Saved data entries
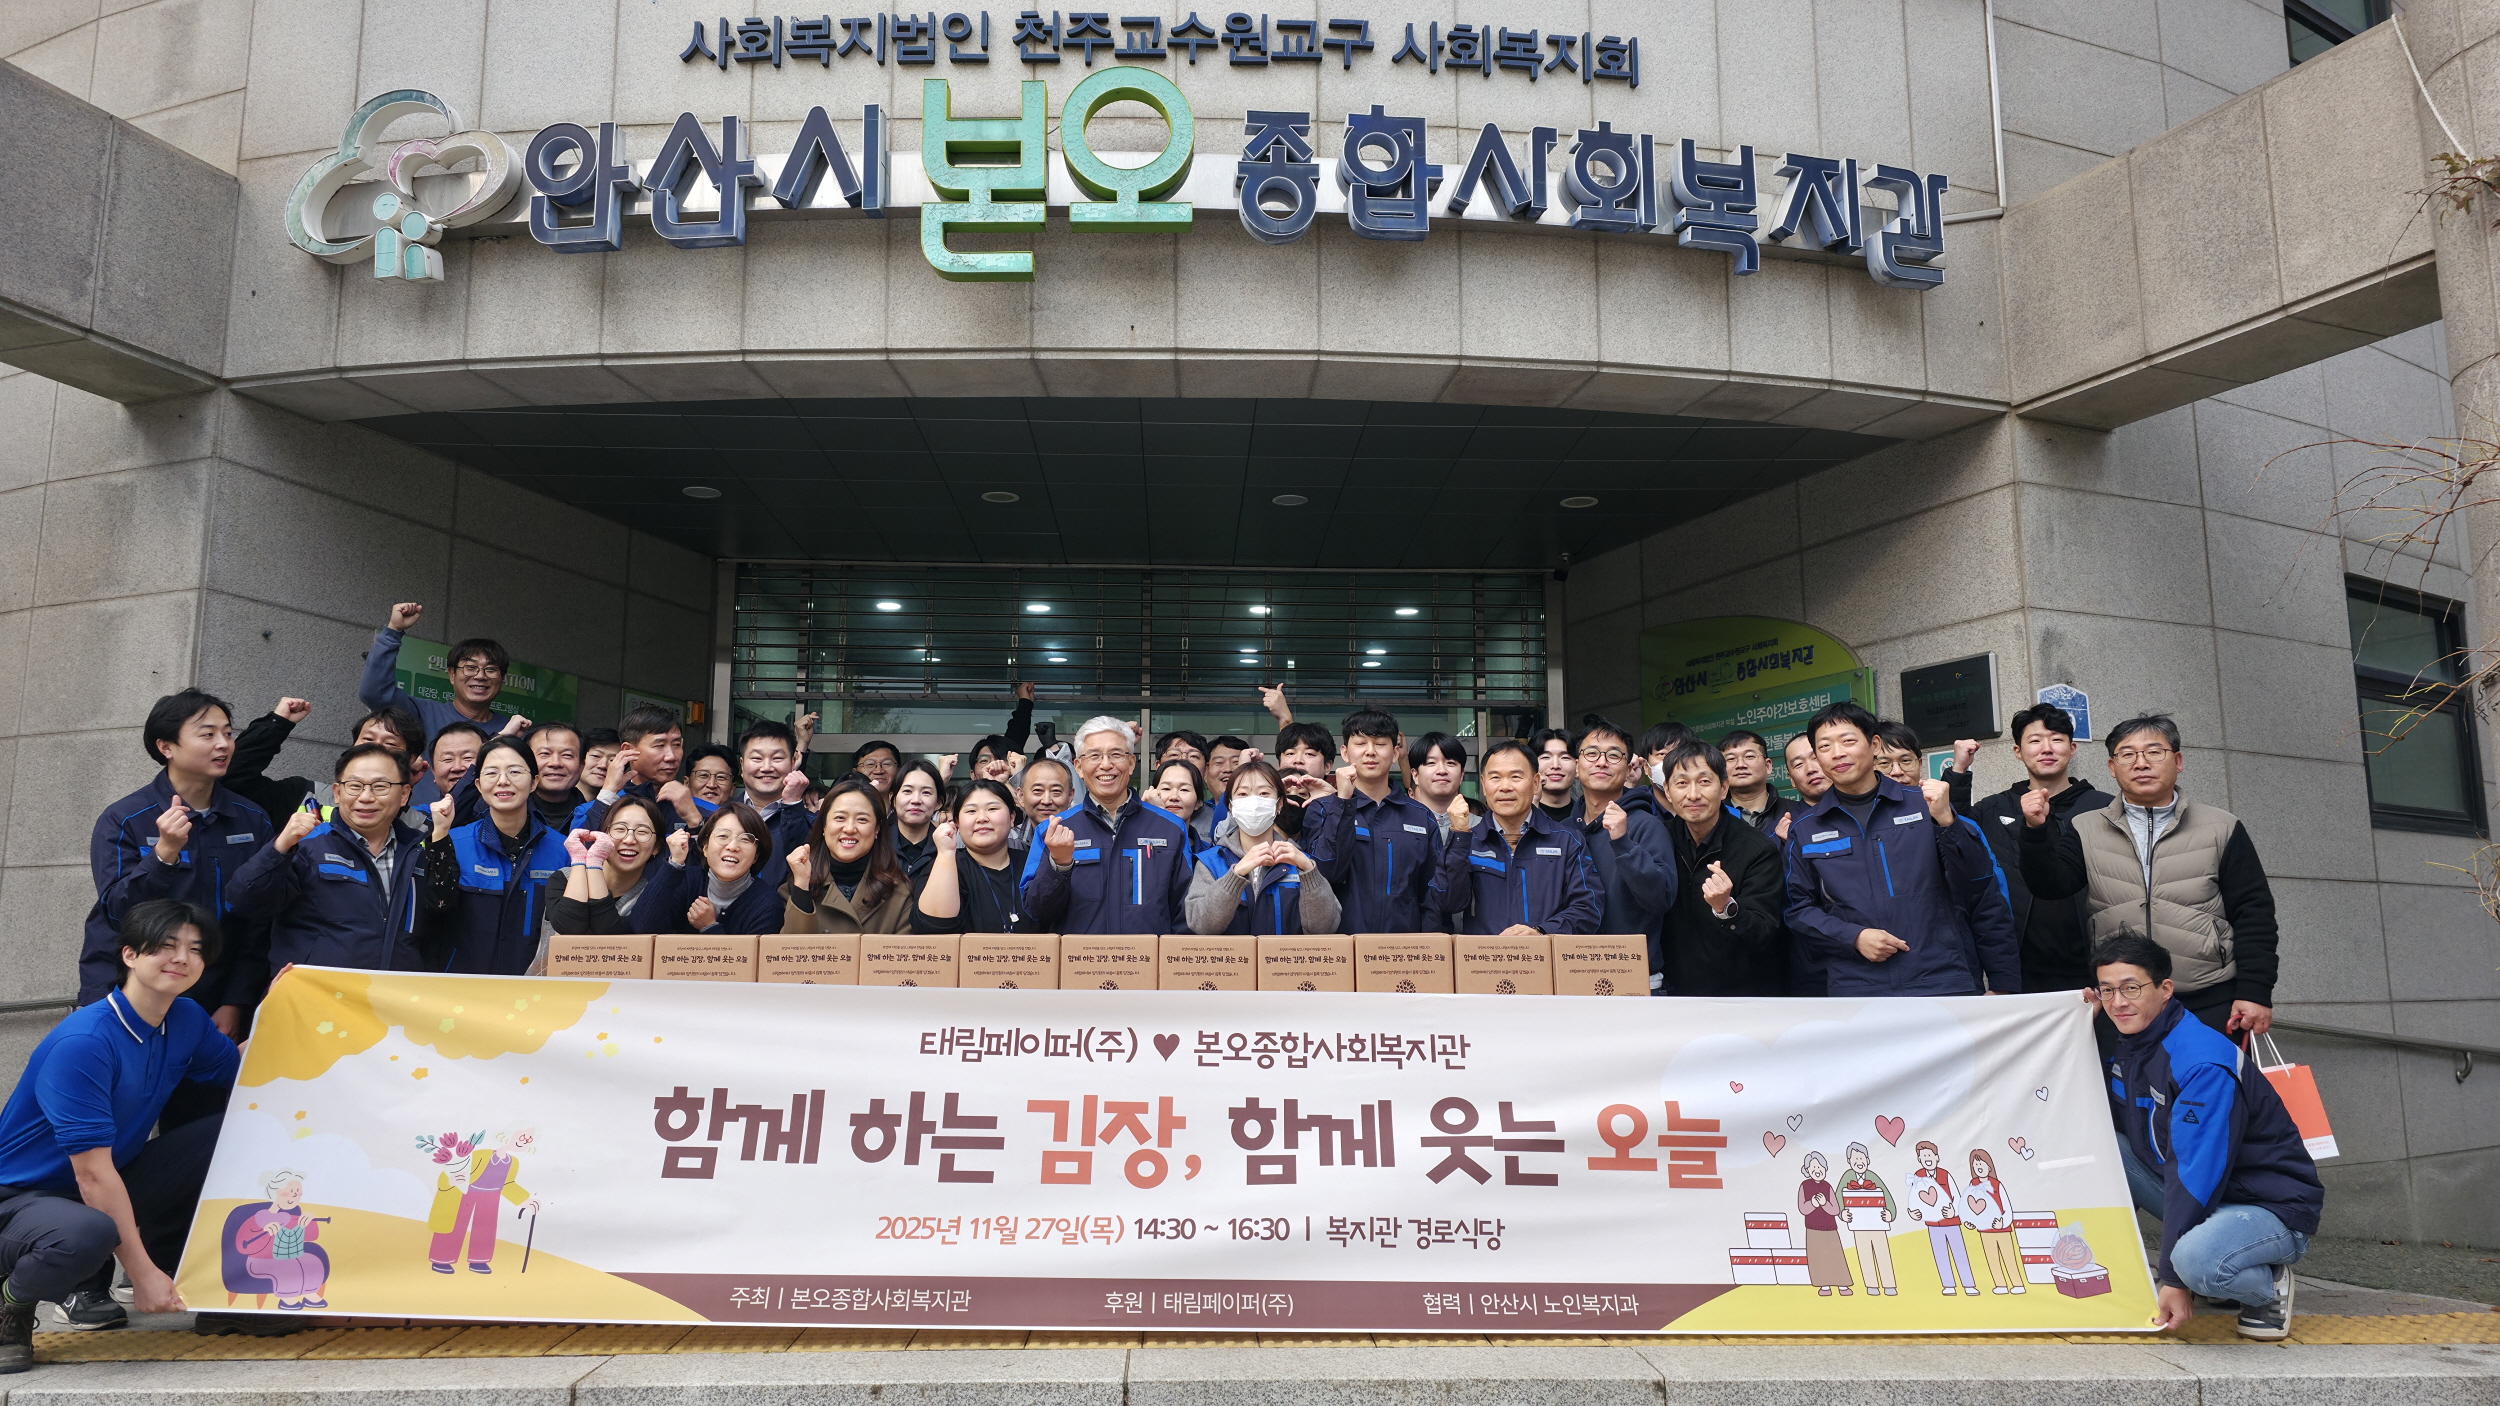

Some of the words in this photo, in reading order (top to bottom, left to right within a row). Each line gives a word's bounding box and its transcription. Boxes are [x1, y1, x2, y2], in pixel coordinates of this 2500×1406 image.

[680, 10, 989, 69] 사회복지법인
[1012, 9, 1375, 71] 천주교수원교구
[1402, 21, 1640, 88] 사회복지회
[524, 103, 890, 253] 안산시
[920, 65, 1195, 282] 본오
[1234, 104, 1950, 290] 종합사회복지관
[503, 673, 536, 691] ATION
[1736, 693, 1831, 726] 노인주야간보호센터
[920, 1027, 1138, 1063] 태림페이퍼(주)
[1194, 1031, 1471, 1070] 본오종합사회복지관
[654, 1086, 825, 1179] 함께
[849, 1091, 1005, 1183] 하는
[1027, 1095, 1201, 1189] 김장,
[1228, 1097, 1395, 1185] 함께
[1420, 1097, 1565, 1186] 웃는
[1588, 1101, 1728, 1189] 오늘
[876, 1216, 961, 1244] 2025년
[970, 1216, 1018, 1244] 11월
[1025, 1215, 1124, 1245] 27일(목)
[1134, 1218, 1196, 1240] 14:30
[1228, 1218, 1290, 1241] 16:30
[1326, 1216, 1402, 1248] 복지관
[1408, 1218, 1505, 1250] 경로식당
[730, 1287, 770, 1309] 주최
[791, 1288, 971, 1312] 본오종합사회복지관
[1104, 1291, 1142, 1313] 후원
[1164, 1292, 1293, 1316] 태림페이퍼(주)
[1423, 1293, 1460, 1314] 협력
[1481, 1293, 1537, 1315] 안산시
[1544, 1294, 1639, 1315] 노인복지과

• ACTION ITEM: Reproduce the data above in full, exactly, with the images removed.

• RESULT BELOW:
Some of the words in this photo, in reading order (top to bottom, left to right within a row). Each line gives a word's bounding box and its transcription. Boxes are [x1, y1, x2, y2], in pixel coordinates of this 2500×1406 image.

[680, 10, 989, 69] 사회복지법인
[1012, 9, 1375, 71] 천주교수원교구
[1402, 21, 1640, 88] 사회복지회
[524, 103, 890, 253] 안산시
[920, 65, 1195, 282] 본오
[1234, 104, 1950, 290] 종합사회복지관
[503, 673, 536, 691] ATION
[1736, 693, 1831, 726] 노인주야간보호센터
[920, 1027, 1138, 1063] 태림페이퍼(주)
[1194, 1031, 1471, 1070] 본오종합사회복지관
[654, 1086, 825, 1179] 함께
[849, 1091, 1005, 1183] 하는
[1027, 1095, 1201, 1189] 김장,
[1228, 1097, 1395, 1185] 함께
[1420, 1097, 1565, 1186] 웃는
[1588, 1101, 1728, 1189] 오늘
[876, 1216, 961, 1244] 2025년
[970, 1216, 1018, 1244] 11월
[1025, 1215, 1124, 1245] 27일(목)
[1134, 1218, 1196, 1240] 14:30
[1228, 1218, 1290, 1241] 16:30
[1326, 1216, 1402, 1248] 복지관
[1408, 1218, 1505, 1250] 경로식당
[730, 1287, 770, 1309] 주최
[791, 1288, 971, 1312] 본오종합사회복지관
[1104, 1291, 1142, 1313] 후원
[1164, 1292, 1293, 1316] 태림페이퍼(주)
[1423, 1293, 1460, 1314] 협력
[1481, 1293, 1537, 1315] 안산시
[1544, 1294, 1639, 1315] 노인복지과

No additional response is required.